Nanosurveillance comments from Arizona State, Bell Labs

Earth & Sky brings us comments on nanosurveillance:

“Nanotechnology experts have suggested that nano sensors — tiny devices too small to see with the unaided eye and able to monitor sounds and physical conditions — could be put into paint and sprayed on a wall.

“David Guston [Director of the Center for Nanotechnology in Society at Arizona State University] told Earth & Sky, ‘And anything and everything that happened in the room could be observed and transmitted by those nano sensors that were painted on the wall. And this has profound implications for what we consider private versus what we consider public, how we behave, how we handle data that’s gathered through these methods that are enhanced by nanotechnology, where such sensors could be omnipresent and utterly unobtrusive.’ ”
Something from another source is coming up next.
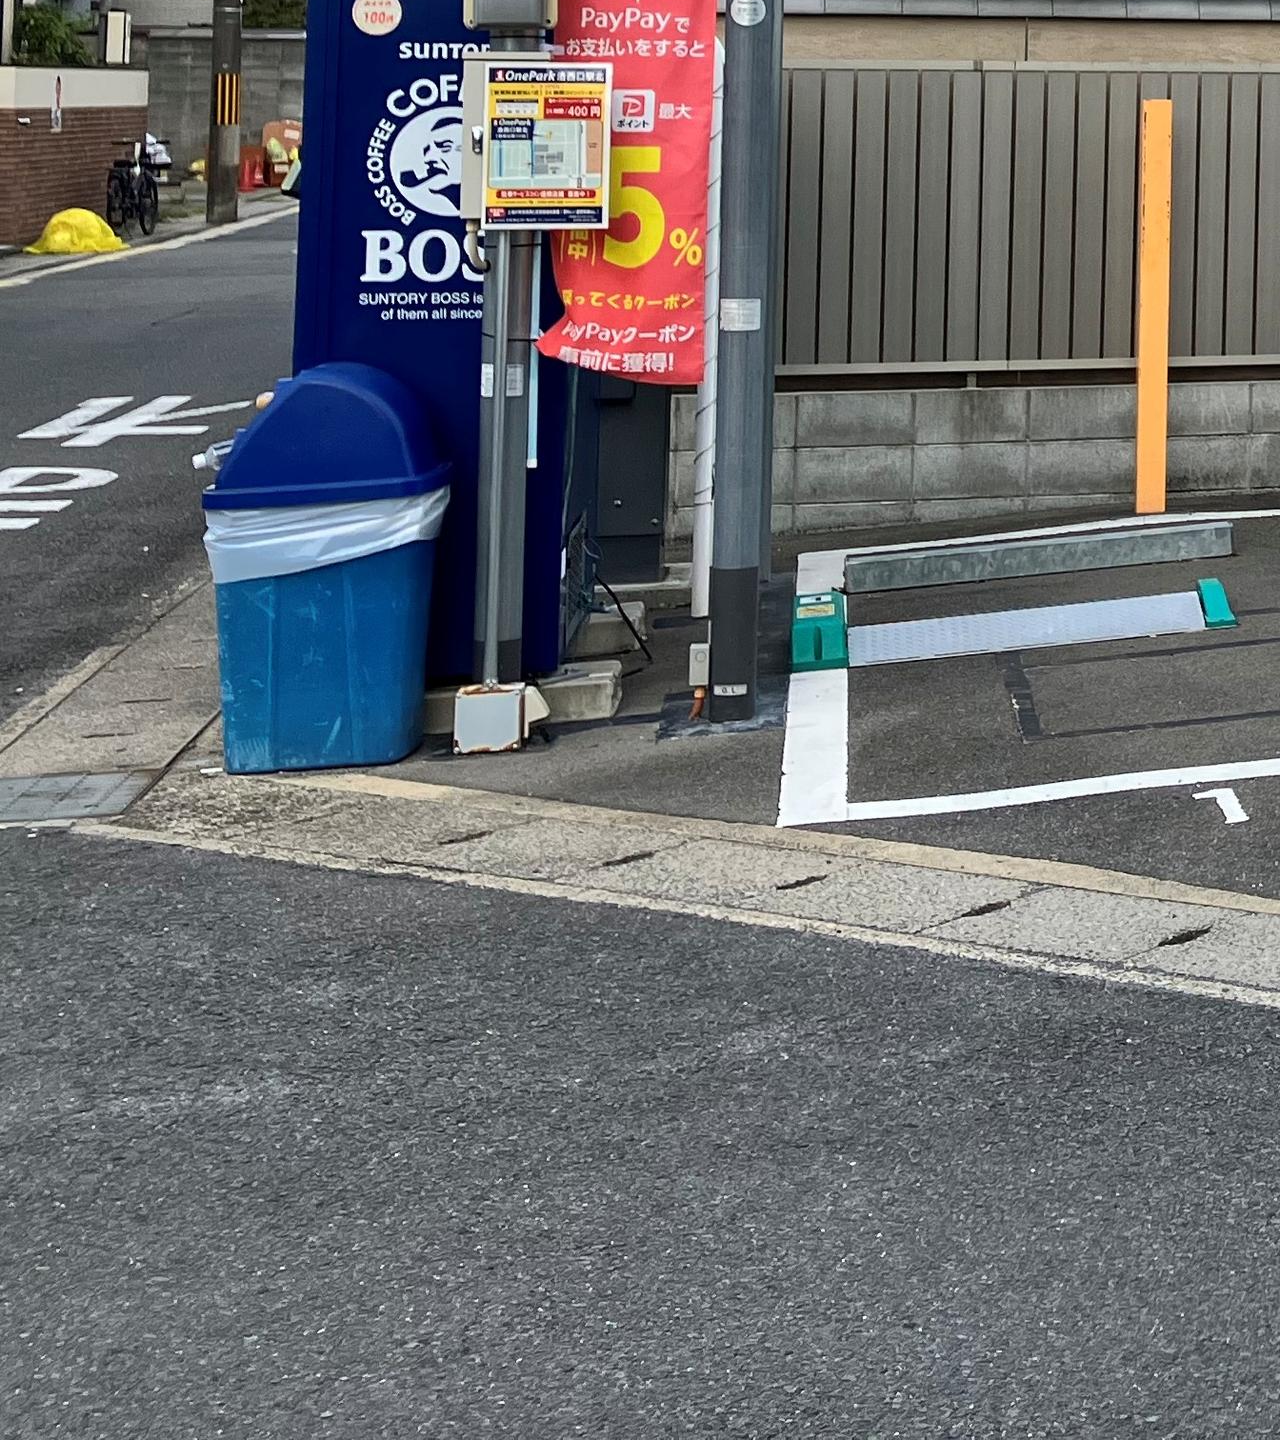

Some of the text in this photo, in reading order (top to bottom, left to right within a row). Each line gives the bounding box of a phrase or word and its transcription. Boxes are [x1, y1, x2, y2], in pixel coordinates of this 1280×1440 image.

And Nanotech Briefs (subscription req’d) in their January 2006 issue features comments from David Bishop, VP for Nanotechnology Research at Bell Labs:

“I think some of the sensor applications are particularly exciting because I think one of the issues we struggle with in the U.S. is how do we trade off security and freedom. I think some of the networked nano-enabled sensors give us an opportunity in situations, for example, where a million people who go across a bridge or through a tunnel and are doing what they are supposed to be doing can go about their business, while the nano-enabled sensors, which are appropriately networked with all kinds of algorithms, can detect that one person in a million that should not be there.”